Published April 6, 2020
Nearly every craft maltster has been impacted in some form or another by the novel Coronavirus (COVID-19) outbreak, according to the results of an industry survey conducted by the Craft Maltsters Guild (CMG) in late March. On March 19th, the federal government classified craft malthouses, which are part of the food and agriculture production system, as ‘critical infrastructure’ amid the pandemic.
The non-profit trade organization represents the interests of small-batch, independent maltsters across North America and beyond. CMG shared the survey results Friday, April 3. 33 craft maltsters responded to the survey.
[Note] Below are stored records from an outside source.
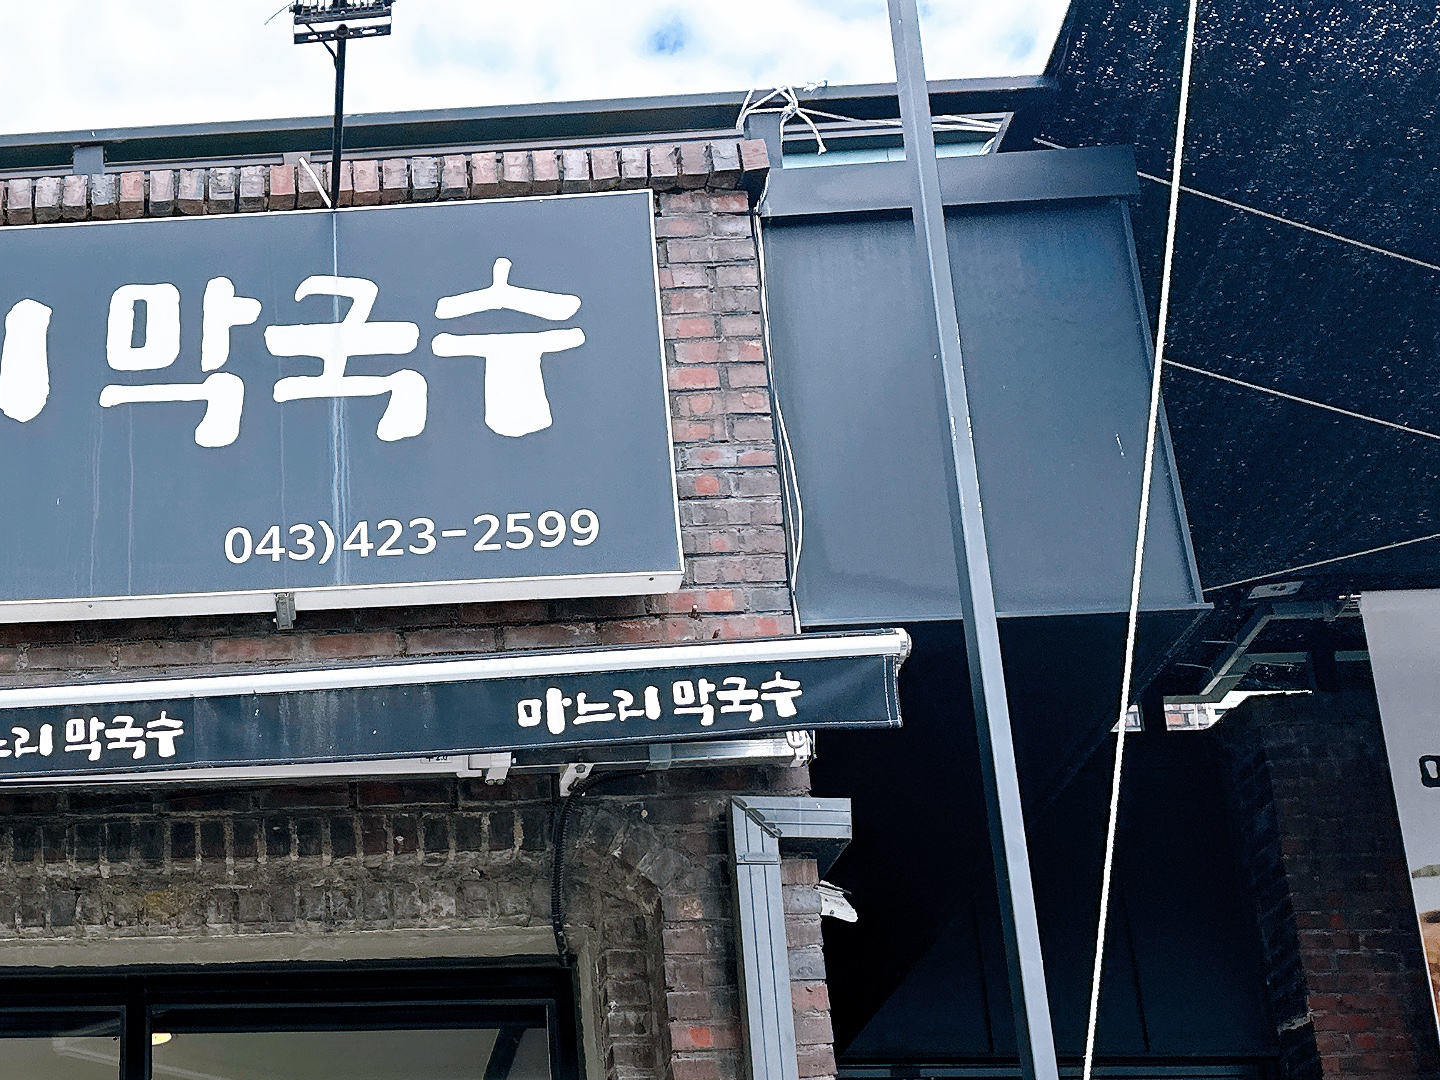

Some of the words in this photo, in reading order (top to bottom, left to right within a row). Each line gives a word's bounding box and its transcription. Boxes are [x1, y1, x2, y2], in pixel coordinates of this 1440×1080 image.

[98, 256, 587, 449] 막국수
[223, 508, 601, 567] 043)423-2599
[516, 686, 661, 735] 마느리
[671, 670, 803, 726] 막국수
[63, 710, 185, 762] 막국수
The results showed, like their brewery and distillery customers, the craft malthouses who responded were also experiencing unprecedented economic hardships.
“Slower beer sales, canceled events, and closed taprooms are having ripple effects on the rest of the supply chain,” says Jesse Bussard, CMG’s Executive Director. “The rapid closing or restriction of breweries and distilleries pivoting to produce hand sanitizer have drastically reduced sales of craft malt, as well as slowed production at many malthouses.”
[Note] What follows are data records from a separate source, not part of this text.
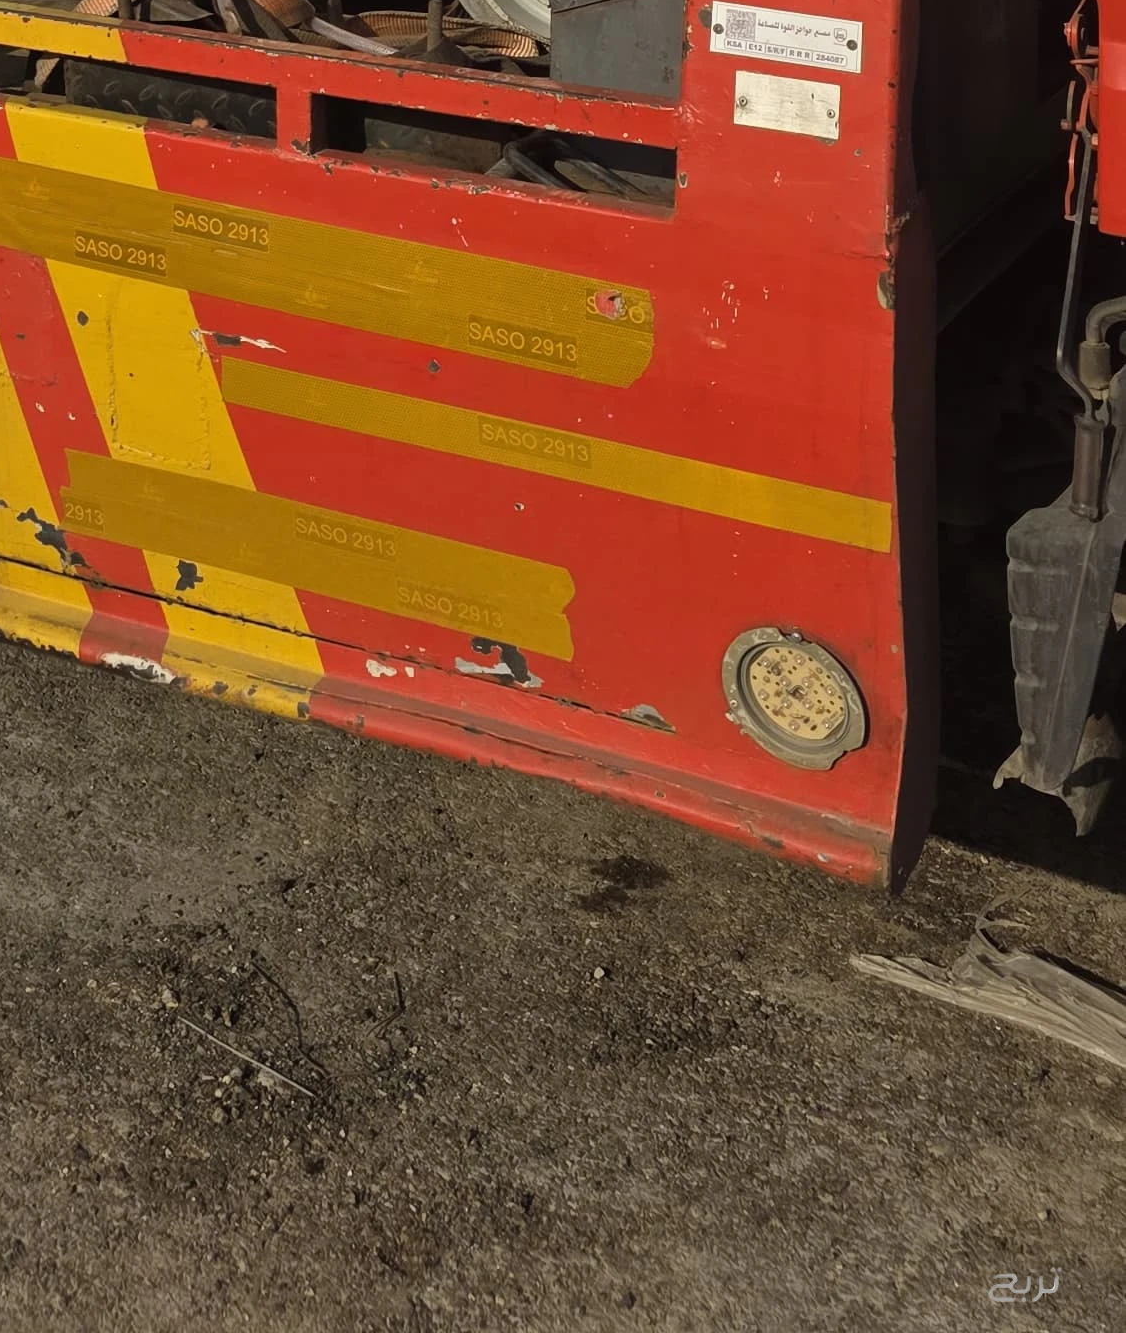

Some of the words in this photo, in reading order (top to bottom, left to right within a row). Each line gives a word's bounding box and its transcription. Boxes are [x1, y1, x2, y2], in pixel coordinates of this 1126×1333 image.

[173, 209, 224, 236] SASO
[227, 221, 270, 246] 2913
[73, 235, 123, 261] SASO
[126, 246, 167, 271] 2913
[585, 296, 645, 324] SO
[468, 322, 526, 350] SASO
[530, 336, 577, 362] 2913
[481, 423, 538, 450] SASO
[543, 437, 589, 463] 2913
[64, 502, 105, 526] 2913
[295, 517, 348, 544] SASO
[353, 532, 396, 558] 2913
[397, 586, 453, 615] SASO
[457, 603, 504, 629] 2913
The survey showed 88% of craft maltsters said COVID-19 has already impacted them through reduced sales; another 48% experienced canceled events. 54% had slowed production in response to the virus and another 18% had stopped production entirely. Approximately 16% said they were officially closed or considering closing over the next two weeks. Just 6% of craft malthouses said they had not been impacted.
“From one week to the next orders dropped by over 75%,” noted Ron Silberstein, cofounder of Admiral Maltings in Alameda, CA. “The brewers that continue to package and the distillers that continue to put spirits into barrels give us a glimmer of hope in the short term and in the long term we feel business will return. In the meanwhile, we are taking advantage of every federal, state and local program that can be of help.”
Remarkably, craft malthouses have proven a more stable environment for employees, as only 9% of malthouses surveyed had laid off employees. Another 42% of craft maltsters said they had already reduced staff hours. This stability may be temporary as the situation evolves, but if it remains steady it would provide displaced workers in the industry opportunities for employment.
“Operationally we are running very lean with operators,” said Ben Harvey, head maltster at New York-based 1886 Malt House. “We were in the process of hiring when this hit and quickly brought that to a halt which actually may have been a blessing in disguise. Because of that, we haven’t had to lay anyone off to this point.”
The goal of the survey was to gain a better understanding of how COVID-19 is affecting the craft malt industry. CMG will use the feedback received to continue to develop relevant resources and information to assist maltsters during this trying time. A follow-up survey will be sent out to CMG’s Member Malthouses again in late April.